> [TASK GOAL]
From the first line to the last, give the records again exactly and skip the pictures.

[Stored dataset items]
..........

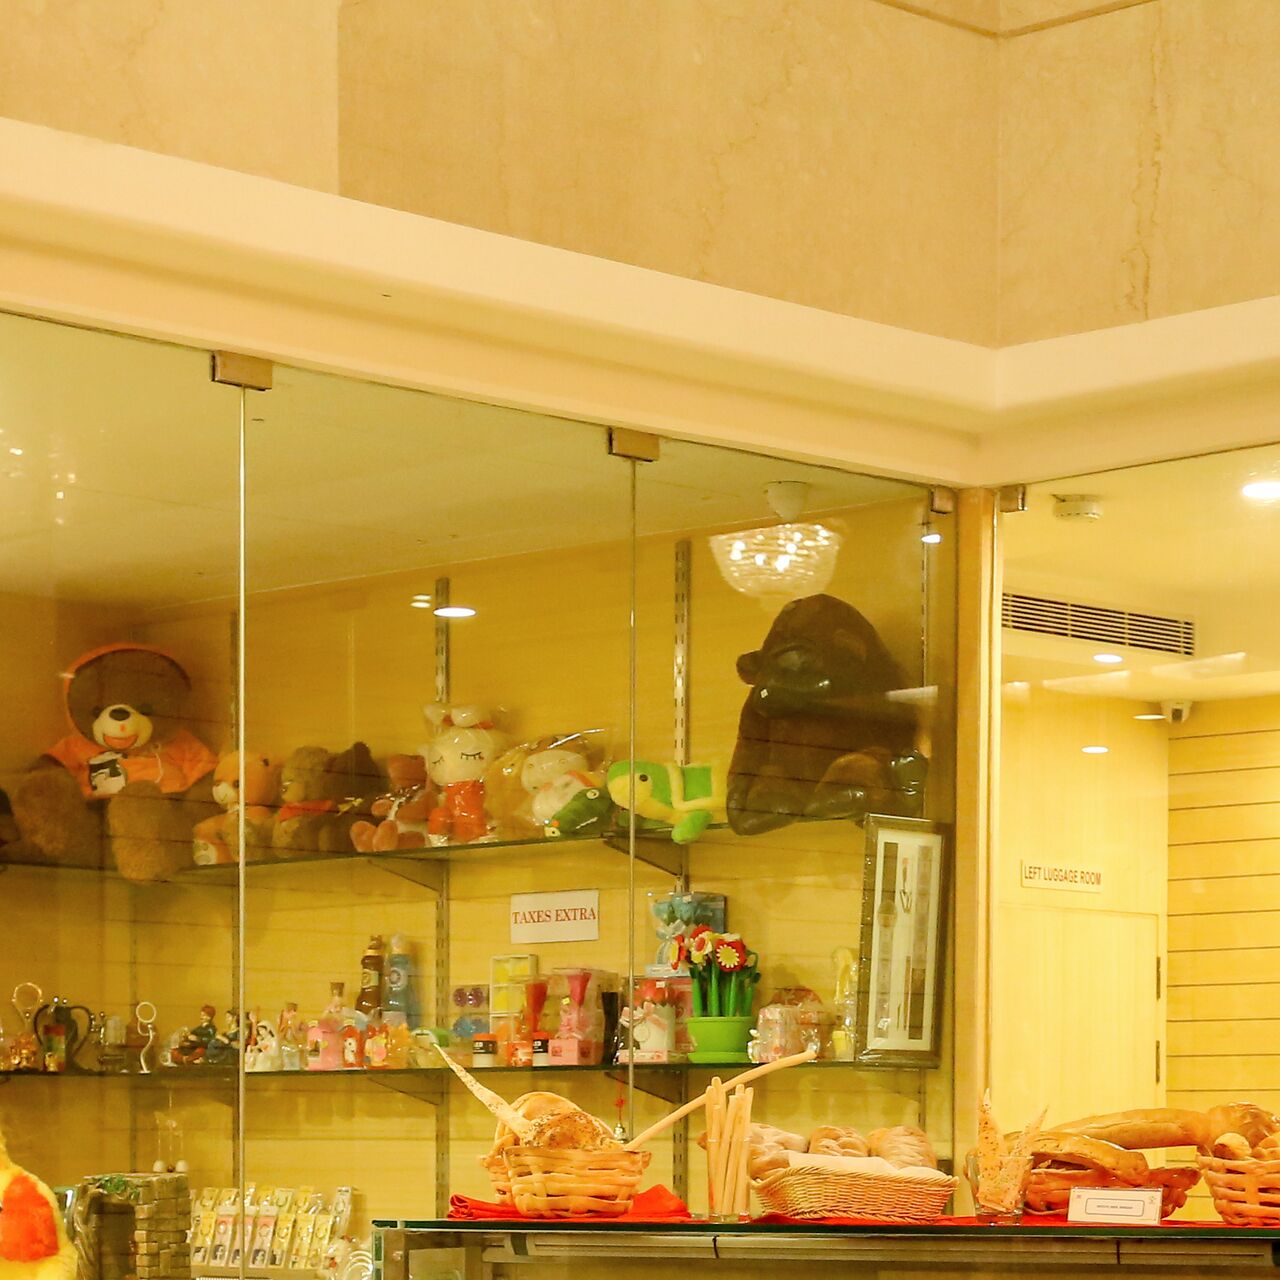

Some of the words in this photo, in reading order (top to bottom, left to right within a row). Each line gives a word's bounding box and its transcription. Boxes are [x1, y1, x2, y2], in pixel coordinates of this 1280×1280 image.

[1024, 866, 1041, 880] LEFT
[1043, 867, 1078, 884] LUGGAGE
[1080, 870, 1101, 885] ROOM
[512, 909, 552, 924] TAXES
[554, 907, 596, 922] EXTRA
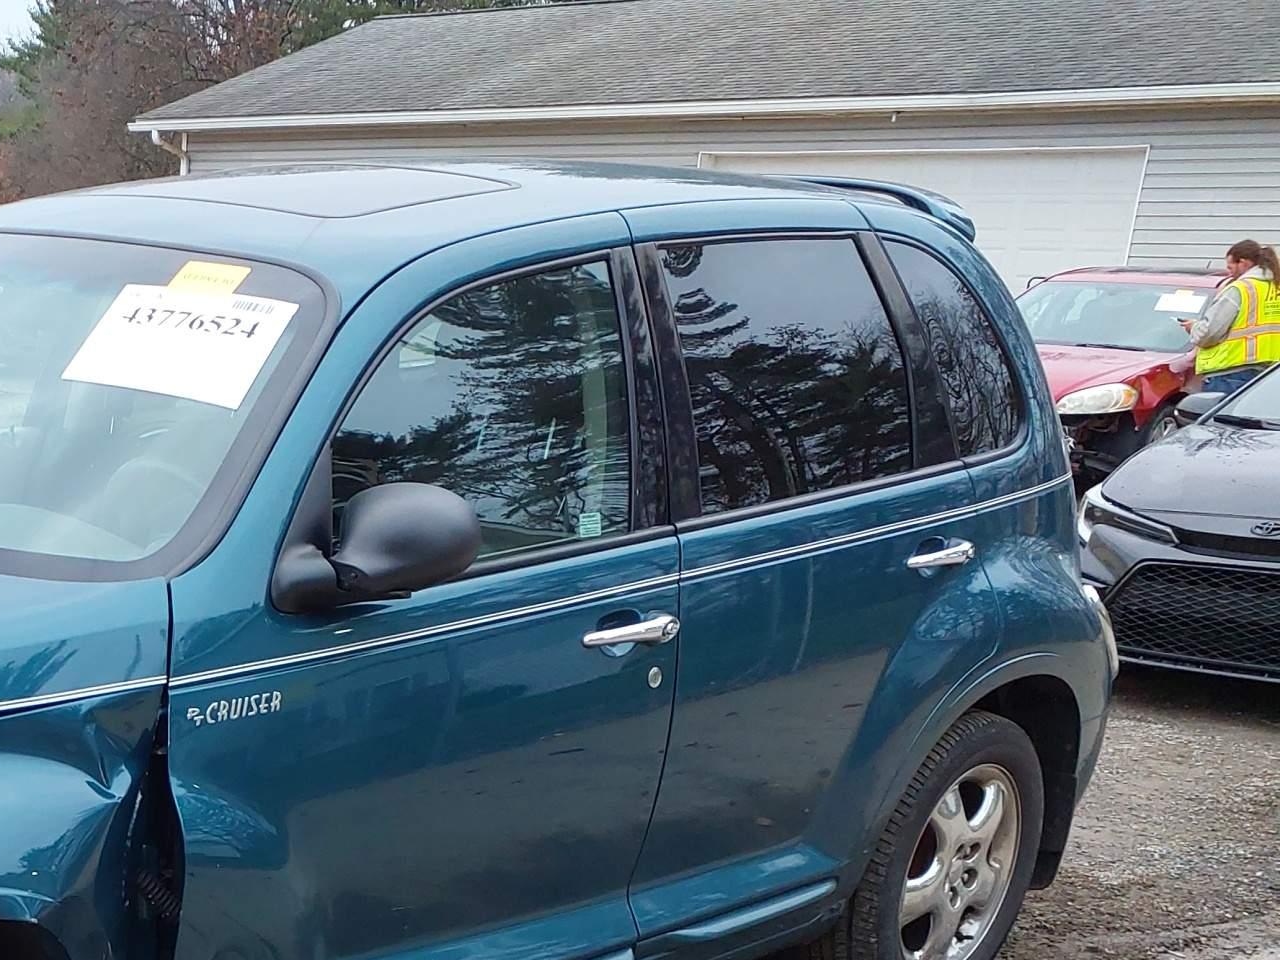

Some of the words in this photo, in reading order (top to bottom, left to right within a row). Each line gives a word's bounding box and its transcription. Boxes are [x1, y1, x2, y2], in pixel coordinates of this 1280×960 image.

[122, 307, 260, 338] 43776524
[186, 707, 205, 726] PT
[206, 691, 282, 723] CRUISER
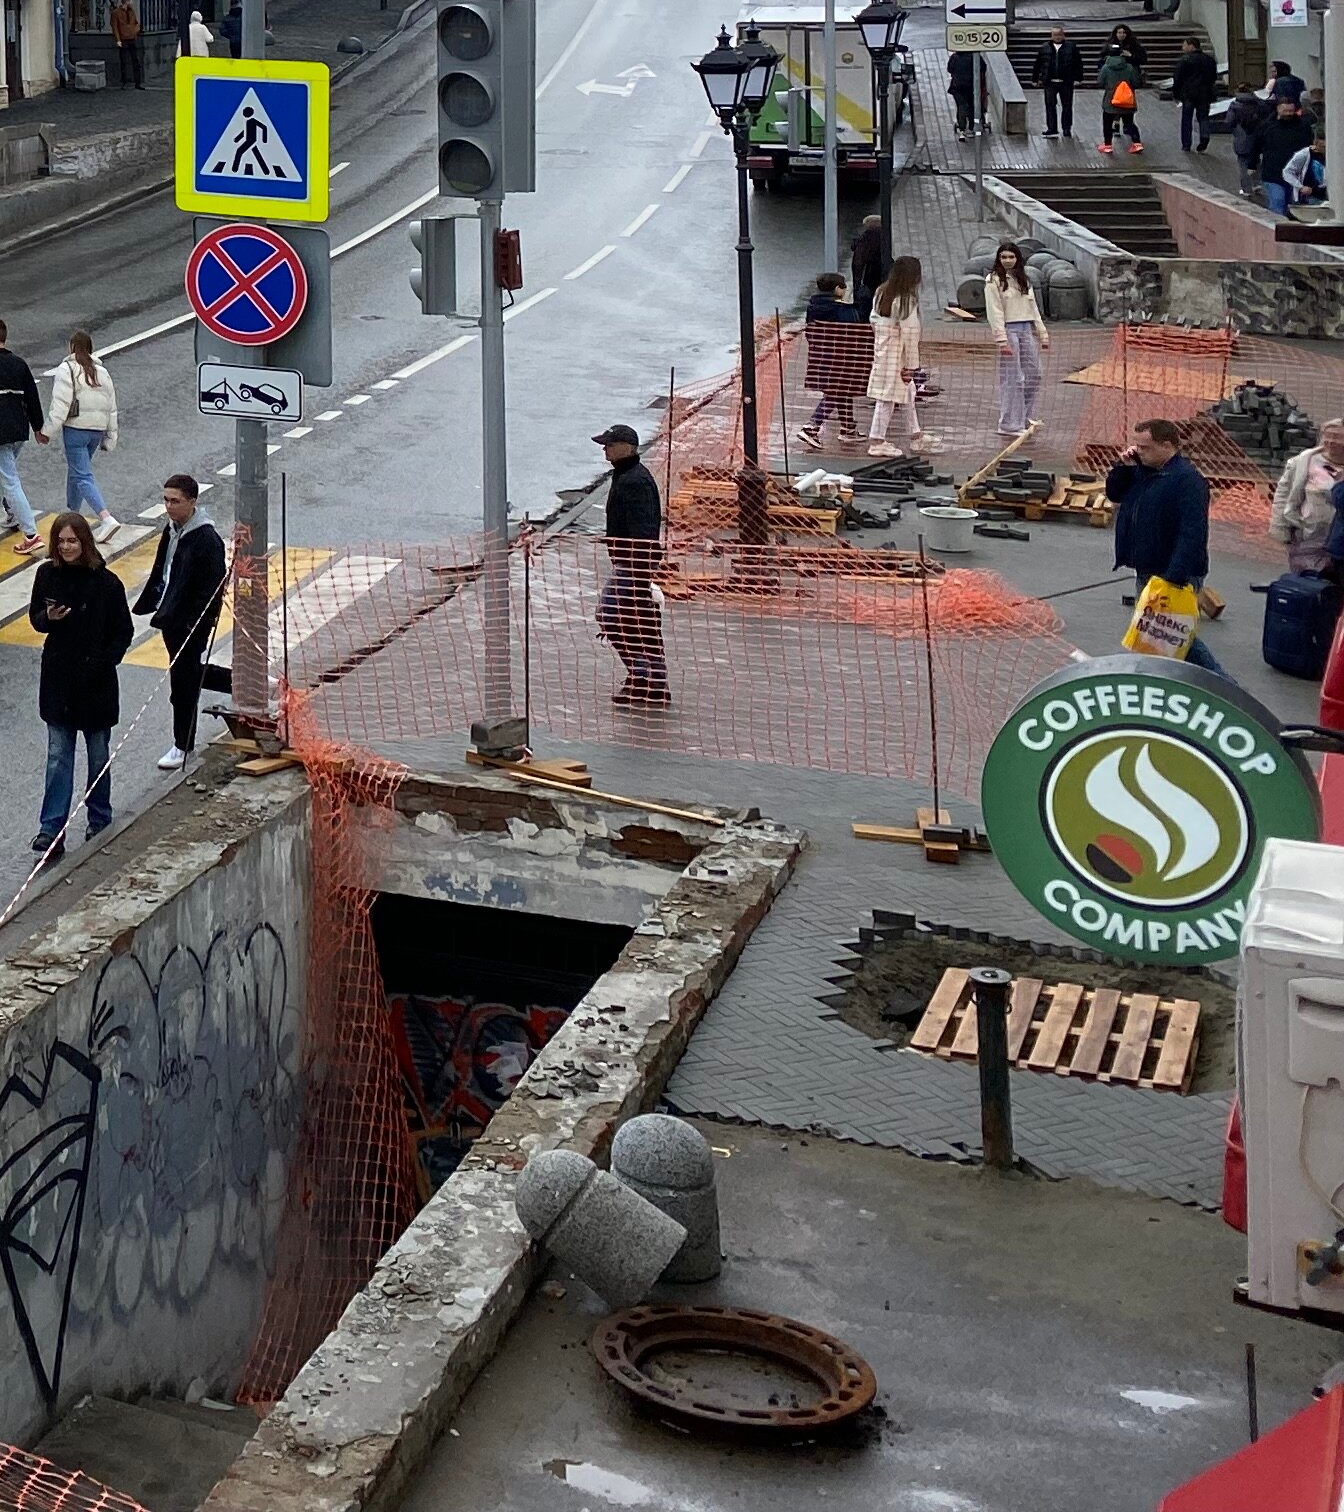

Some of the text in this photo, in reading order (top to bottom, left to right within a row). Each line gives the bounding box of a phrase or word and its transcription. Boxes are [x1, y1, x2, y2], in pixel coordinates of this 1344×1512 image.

[967, 32, 978, 40] 15
[982, 31, 1000, 44] 20
[1018, 685, 1277, 777] COFFEESHOP
[1044, 879, 1246, 954] COMPANY
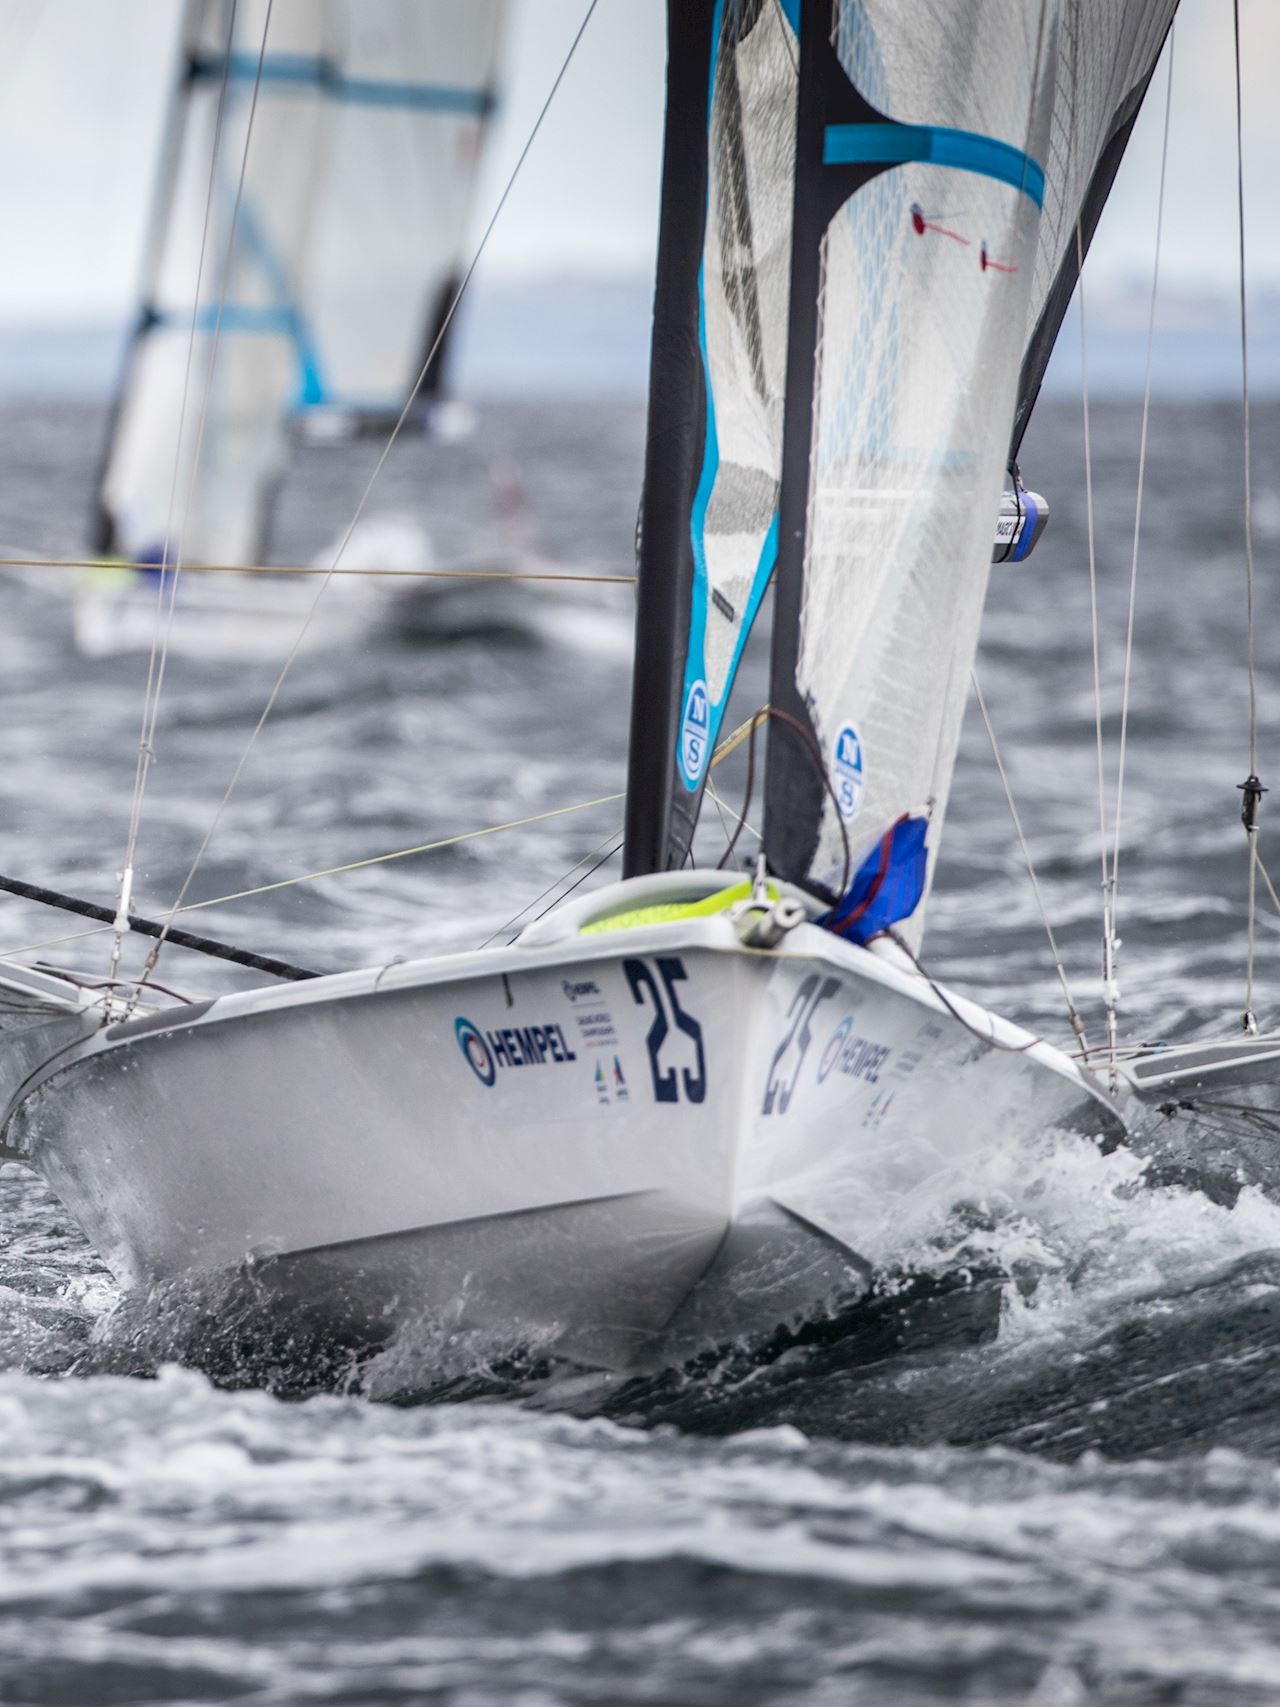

..........

> [SOLUTION TO THIS EXERCISE]
Some of the words in this photo, in reading order (top to bottom, left to right within a row). Each line gives a word's bounding box and its transcription. Boxes are [x1, y1, x2, y2], in pixel coordinates of this 1280×1280 image.

[1024, 866, 1041, 880] LEFT
[1043, 867, 1078, 884] LUGGAGE
[1080, 870, 1101, 885] ROOM
[512, 909, 552, 924] TAXES
[554, 907, 596, 922] EXTRA

Some of the words in this photo, in reading order (top to bottom, left to right within a row). Each line gives a word's bounding box and its transcription. Boxes are [x1, y1, x2, y2], in pixel coordinates of this 1280×960 image.

[122, 307, 260, 338] 43776524
[186, 707, 205, 726] PT
[206, 691, 282, 723] CRUISER

Some of the text in this photo, in reading order (top to bottom, left to right within a row). Each line gives the bounding box of a phrase or word and its transcription. Boxes are [x1, y1, x2, y2], in pixel coordinates of this 1344×1512 image.

[967, 32, 978, 40] 15
[982, 31, 1000, 44] 20
[1018, 685, 1277, 777] COFFEESHOP
[1044, 879, 1246, 954] COMPANY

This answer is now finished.